Some Britons I've spoken to claim to be unaware that their country has a National Space Centre. Well, it does and it's in Leicester. I know this because Chris Williams took me there.
Admittedly, the NSC might have been better known had not Beagle 2 failed to reach Mars back in 2003 (or if it did get there, failed to report back): it was to be the control centre for the mission. It also hosts the UK's Near Earth Object Information Centre, the designated assembly point for angry British subjects to gather with flaming torches when the big one comes and they find out there's nothing we can do about it.
But the NSC is also a pretty decent space museum (and planetarium). Lots of spacesuits and simulators and model Mars rovers. This is a first-generation Soyuz, a Soyuz 7K-OK. It's a real spacecraft, though it obviously didn't actually go into space, since it's still in one piece (only the middle section would return to Earth). I guess it was a spare or training unit.
It would have been built between 1967 and 1971, so this is space race-era stuff.

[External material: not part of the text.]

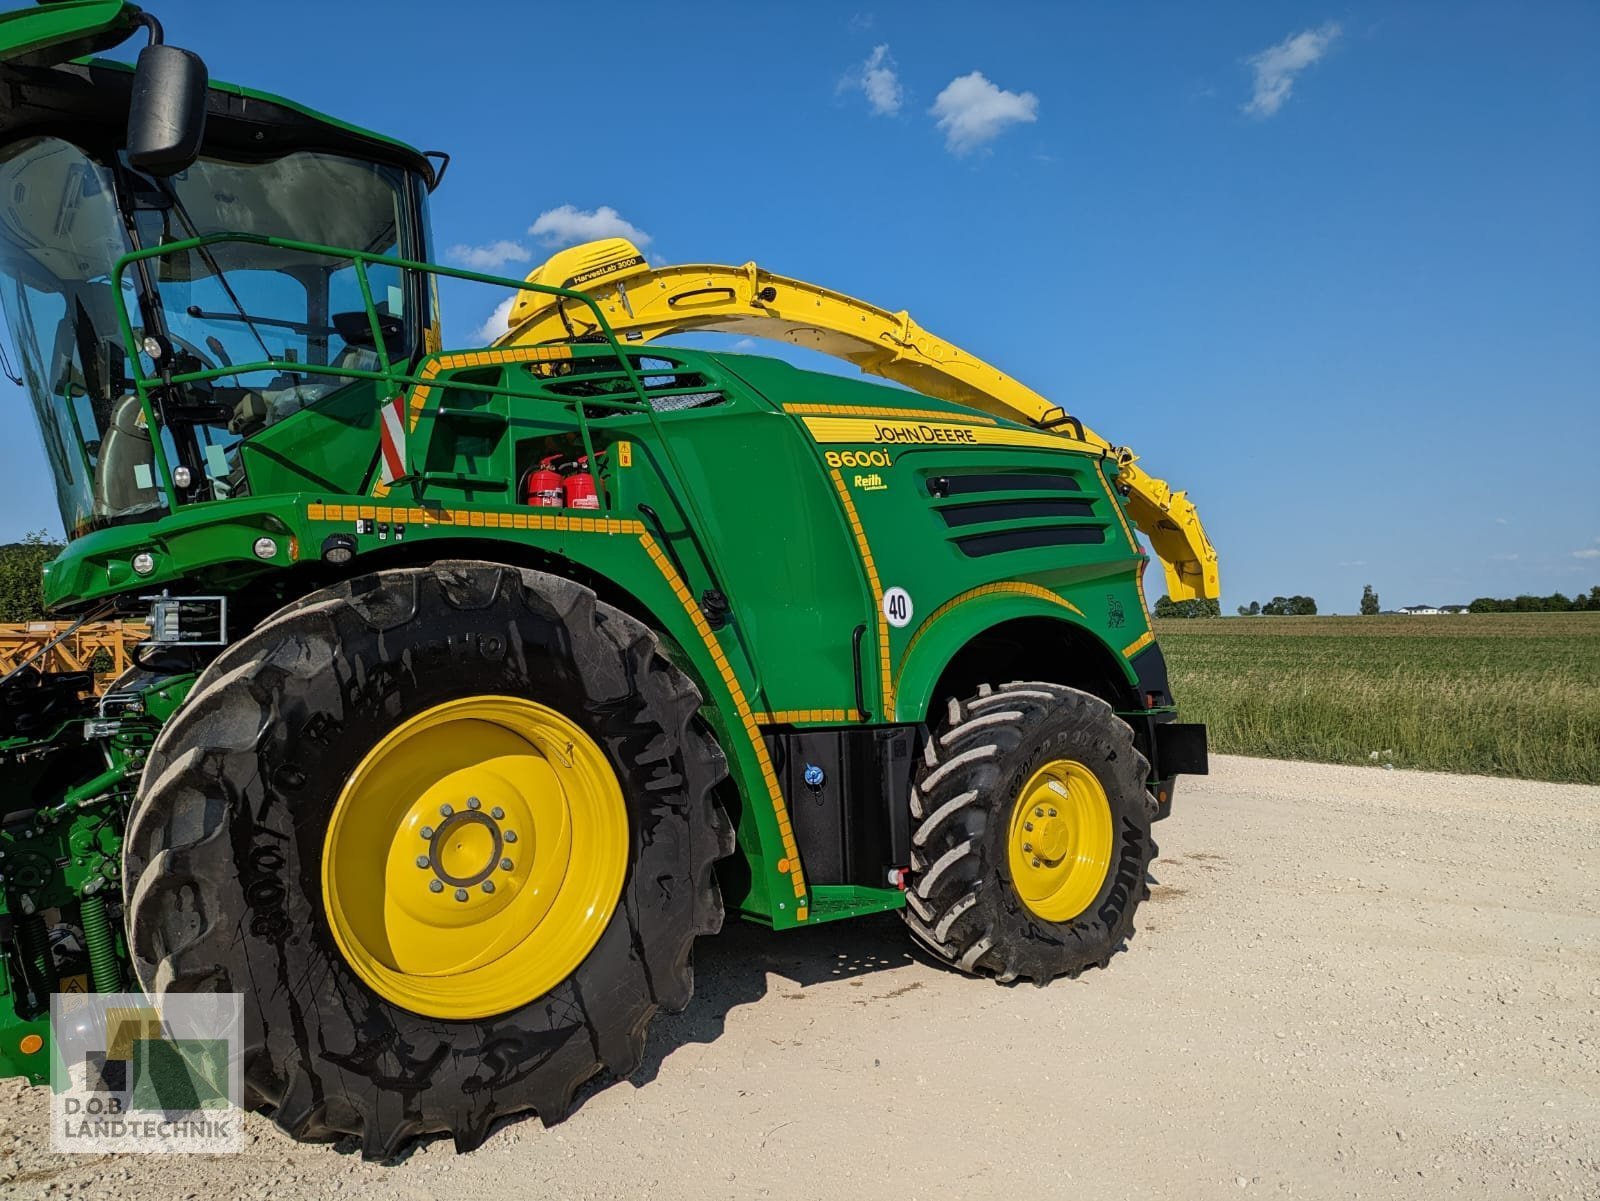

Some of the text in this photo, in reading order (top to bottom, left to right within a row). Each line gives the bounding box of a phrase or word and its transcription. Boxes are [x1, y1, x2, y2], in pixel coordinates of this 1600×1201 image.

And it's got this on the side, for the full-on Cold War nostalgia trip.
Speaking of nostalgia, who else watched Giotto fly-by of Halley's Comet live on TV? This one's a model, though, because the real Giotto is still out there, orbiting the Sun.

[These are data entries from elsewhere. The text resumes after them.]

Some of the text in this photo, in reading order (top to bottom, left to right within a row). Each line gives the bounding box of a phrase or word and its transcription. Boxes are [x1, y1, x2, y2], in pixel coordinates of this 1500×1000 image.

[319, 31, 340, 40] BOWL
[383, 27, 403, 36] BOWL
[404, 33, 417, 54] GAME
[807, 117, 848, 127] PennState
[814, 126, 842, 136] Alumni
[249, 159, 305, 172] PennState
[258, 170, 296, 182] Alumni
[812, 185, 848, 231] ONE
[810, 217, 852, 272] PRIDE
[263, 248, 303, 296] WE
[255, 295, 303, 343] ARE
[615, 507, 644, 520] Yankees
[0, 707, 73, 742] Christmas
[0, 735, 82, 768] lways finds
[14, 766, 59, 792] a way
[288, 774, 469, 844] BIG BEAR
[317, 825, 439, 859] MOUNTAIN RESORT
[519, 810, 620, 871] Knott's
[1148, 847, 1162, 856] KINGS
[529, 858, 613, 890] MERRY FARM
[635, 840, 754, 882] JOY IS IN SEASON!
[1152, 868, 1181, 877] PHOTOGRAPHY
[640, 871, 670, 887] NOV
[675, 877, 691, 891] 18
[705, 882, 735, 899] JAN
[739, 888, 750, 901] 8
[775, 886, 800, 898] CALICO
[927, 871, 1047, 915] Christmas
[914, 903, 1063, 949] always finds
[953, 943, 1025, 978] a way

The NSC's pride and joy: a Blue Streak.
It's a medium-range ballistic missile, and a first-stage satellite launcher!
To be more precise, Blue Streak started out in 1955 as a carrier for Britain's independent nuclear deterrent. But as warning times decreased, the fact that it couldn't be launched in less than 15 minutes became a problem, and so it was cancelled. Cue Skybolt, Polaris, Trident ... no end of fun.
So Blue Streak was re-purposed as the first stage of a European satellite launcher, Europa. But it was the only part which worked reliably, and in 1972 that was cancelled too. And that was the end of Blue Streak.
This particular one was the last to be completed -- but again, not used. As most of the launches took place from Woomera, there are bits of Blue Streak a lot closer to me than Leicester, but to see a complete one was worth the trip.
But let's not forget the Thor, the United States' first ballistic missile (which can be better seen in the first photo in this post). You'd have to count Thor as more successful than Blue Streak, in that it did actually see operational deployment, and that it also led to a highly successful series of launch vehicles, the Deltas.
Finally, a whimsical exhibit which alludes to the fact that Saturn is less dense than water, and so if you could find a big enough bathtub it would float. Or alternatively, if you can find a small enough Saturn, that would float too.
(P.S. Leicester also has at least one decent pub, where Chris and I met Alun for a few. Chris also put me up for the night. Cheers!)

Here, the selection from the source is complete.